_Task instructions_.
Output the data verbatim, minus the images.

[Supplied entries — start]

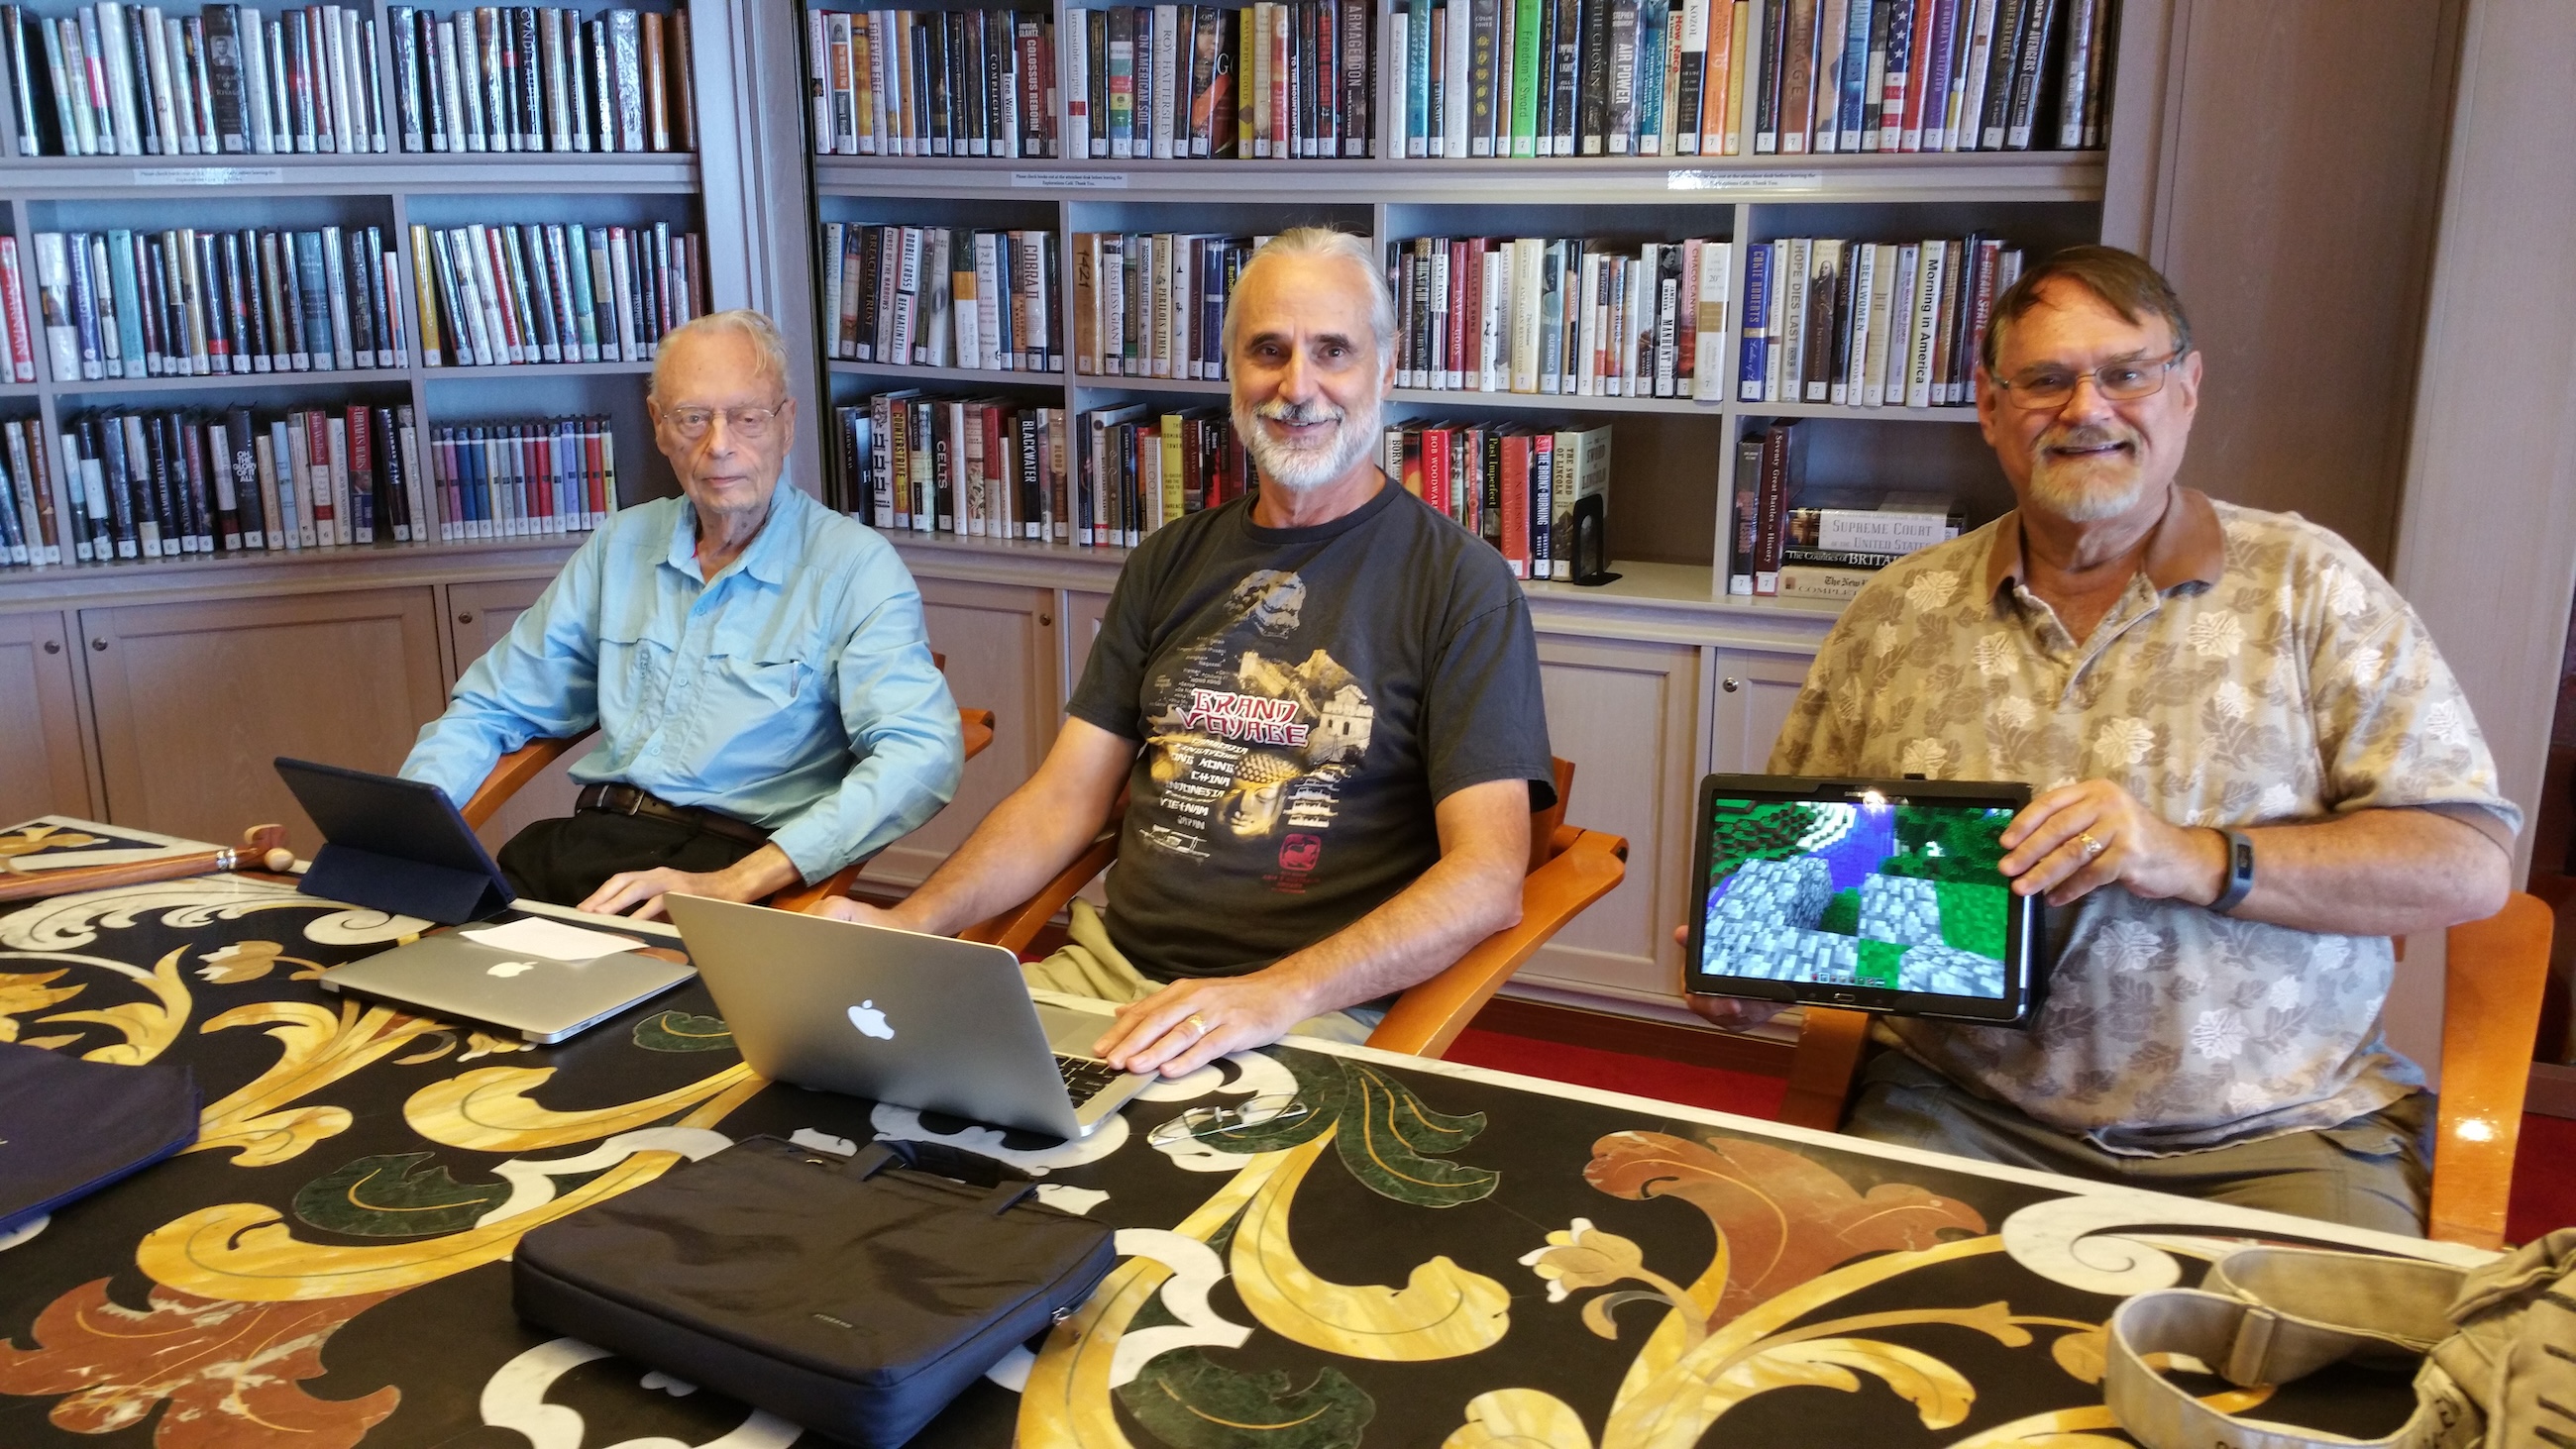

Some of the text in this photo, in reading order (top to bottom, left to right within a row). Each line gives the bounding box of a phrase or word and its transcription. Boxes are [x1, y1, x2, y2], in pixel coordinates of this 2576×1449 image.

[1689, 4, 1699, 38] KOZOL
[519, 9, 537, 112] CYNDI LAUPER
[869, 22, 882, 95] FOREVER FREE
[1071, 14, 1081, 96] irresistible empire
[1291, 55, 1297, 66] TO
[1347, 6, 1362, 87] ARMAGEDDON
[1410, 37, 1419, 87] STRANGE
[1589, 4, 1603, 87] THE CHOSEN
[1618, 44, 1633, 62] AIR
[1673, 46, 1682, 73] Race
[1790, 10, 1810, 96] MIRAGE
[2022, 30, 2040, 72] AVENGERS
[990, 53, 1000, 126] COMPLICITY
[1027, 39, 1039, 132] COLOSSUS REBORN
[1136, 35, 1149, 126] ON AMERICAN SOIL
[1161, 30, 1172, 138] ROY HATTERSLEY
[1519, 31, 1532, 118] Freedom's Sword
[1615, 64, 1633, 104] POWER
[1433, 82, 1443, 122] ransom
[885, 229, 894, 251] CURSE
[885, 252, 892, 260] OF
[902, 233, 915, 288] DOUBLE CROSS
[865, 234, 878, 327] BREACH TRUST
[1023, 245, 1039, 300] COBRA II
[1076, 250, 1091, 288] 1421
[1599, 268, 1608, 305] Waterloo
[1688, 248, 1699, 325] CHACO CANYON
[1749, 251, 1765, 323] COKIE ROBERTS
[1839, 266, 1849, 307] HEROES
[1979, 260, 1992, 298] DREAM
[882, 276, 891, 311] NARROWS
[897, 297, 908, 312] BEN
[1110, 261, 1122, 348] RESTLESS GIANT
[1141, 308, 1149, 317] #1
[1788, 246, 1804, 344] HOPE DIES LAST
[1856, 263, 1871, 332] BELLWOMEN
[1158, 287, 1167, 356] PERILOUS TIMES
[1660, 319, 1673, 362] MANHUNT
[1914, 259, 1939, 385] Morning in America
[1546, 333, 1556, 372] GUERNICA
[354, 411, 367, 469] OBAMA'S WARS
[893, 412, 907, 478] COUNTERSTRIKE
[1021, 420, 1036, 482] BLACKWATER
[1392, 439, 1403, 465] BORN
[1430, 435, 1439, 454] BOB
[1565, 448, 1574, 465] THE
[388, 461, 399, 485] ZIM
[935, 440, 948, 489] CELTS
[1147, 464, 1157, 496] LOOT
[1487, 437, 1499, 506] Past Imperfect
[1504, 440, 1514, 495] AFTER THE
[1556, 448, 1564, 495] OF LINCOLN
[158, 476, 171, 517] BEETHOVEN
[1536, 452, 1550, 526] THE BRONX BURNING
[1764, 434, 1783, 563] Seventy Great Battles History
[1514, 493, 1524, 532] WILSON
[1832, 519, 1932, 536] SUPREME COURT
[1785, 550, 1839, 563] The Counties
[1854, 538, 1891, 550] UNITED
[1824, 574, 1861, 586] The New
[1191, 686, 1300, 724] GRAND
[1176, 706, 1310, 748] VOYAGE
[1192, 737, 1249, 756] CAMBODIA
[1191, 771, 1232, 787] CHINA
[1198, 758, 1236, 775] KONG
[1159, 797, 1210, 817] VIETNAM
[1166, 780, 1226, 798] INDONESIA
[1177, 815, 1207, 830] JAPAN

[Supplied entries — finish]

_Reply to the exercise_.
Some of the text in this photo, in reading order (top to bottom, left to right within a row). Each line gives the bounding box of a phrase or word and its transcription. Boxes are [x1, y1, x2, y2], in pixel coordinates of this 2576×1449 image.

[1689, 4, 1699, 38] KOZOL
[519, 9, 537, 112] CYNDI LAUPER
[869, 22, 882, 95] FOREVER FREE
[1071, 14, 1081, 96] irresistible empire
[1291, 55, 1297, 66] TO
[1347, 6, 1362, 87] ARMAGEDDON
[1410, 37, 1419, 87] STRANGE
[1589, 4, 1603, 87] THE CHOSEN
[1618, 44, 1633, 62] AIR
[1673, 46, 1682, 73] Race
[1790, 10, 1810, 96] MIRAGE
[2022, 30, 2040, 72] AVENGERS
[990, 53, 1000, 126] COMPLICITY
[1027, 39, 1039, 132] COLOSSUS REBORN
[1136, 35, 1149, 126] ON AMERICAN SOIL
[1161, 30, 1172, 138] ROY HATTERSLEY
[1519, 31, 1532, 118] Freedom's Sword
[1615, 64, 1633, 104] POWER
[1433, 82, 1443, 122] ransom
[885, 229, 894, 251] CURSE
[885, 252, 892, 260] OF
[902, 233, 915, 288] DOUBLE CROSS
[865, 234, 878, 327] BREACH TRUST
[1023, 245, 1039, 300] COBRA II
[1076, 250, 1091, 288] 1421
[1599, 268, 1608, 305] Waterloo
[1688, 248, 1699, 325] CHACO CANYON
[1749, 251, 1765, 323] COKIE ROBERTS
[1839, 266, 1849, 307] HEROES
[1979, 260, 1992, 298] DREAM
[882, 276, 891, 311] NARROWS
[897, 297, 908, 312] BEN
[1110, 261, 1122, 348] RESTLESS GIANT
[1141, 308, 1149, 317] #1
[1788, 246, 1804, 344] HOPE DIES LAST
[1856, 263, 1871, 332] BELLWOMEN
[1158, 287, 1167, 356] PERILOUS TIMES
[1660, 319, 1673, 362] MANHUNT
[1914, 259, 1939, 385] Morning in America
[1546, 333, 1556, 372] GUERNICA
[354, 411, 367, 469] OBAMA'S WARS
[893, 412, 907, 478] COUNTERSTRIKE
[1021, 420, 1036, 482] BLACKWATER
[1392, 439, 1403, 465] BORN
[1430, 435, 1439, 454] BOB
[1565, 448, 1574, 465] THE
[388, 461, 399, 485] ZIM
[935, 440, 948, 489] CELTS
[1147, 464, 1157, 496] LOOT
[1487, 437, 1499, 506] Past Imperfect
[1504, 440, 1514, 495] AFTER THE
[1556, 448, 1564, 495] OF LINCOLN
[158, 476, 171, 517] BEETHOVEN
[1536, 452, 1550, 526] THE BRONX BURNING
[1764, 434, 1783, 563] Seventy Great Battles History
[1514, 493, 1524, 532] WILSON
[1832, 519, 1932, 536] SUPREME COURT
[1785, 550, 1839, 563] The Counties
[1854, 538, 1891, 550] UNITED
[1824, 574, 1861, 586] The New
[1191, 686, 1300, 724] GRAND
[1176, 706, 1310, 748] VOYAGE
[1192, 737, 1249, 756] CAMBODIA
[1191, 771, 1232, 787] CHINA
[1198, 758, 1236, 775] KONG
[1159, 797, 1210, 817] VIETNAM
[1166, 780, 1226, 798] INDONESIA
[1177, 815, 1207, 830] JAPAN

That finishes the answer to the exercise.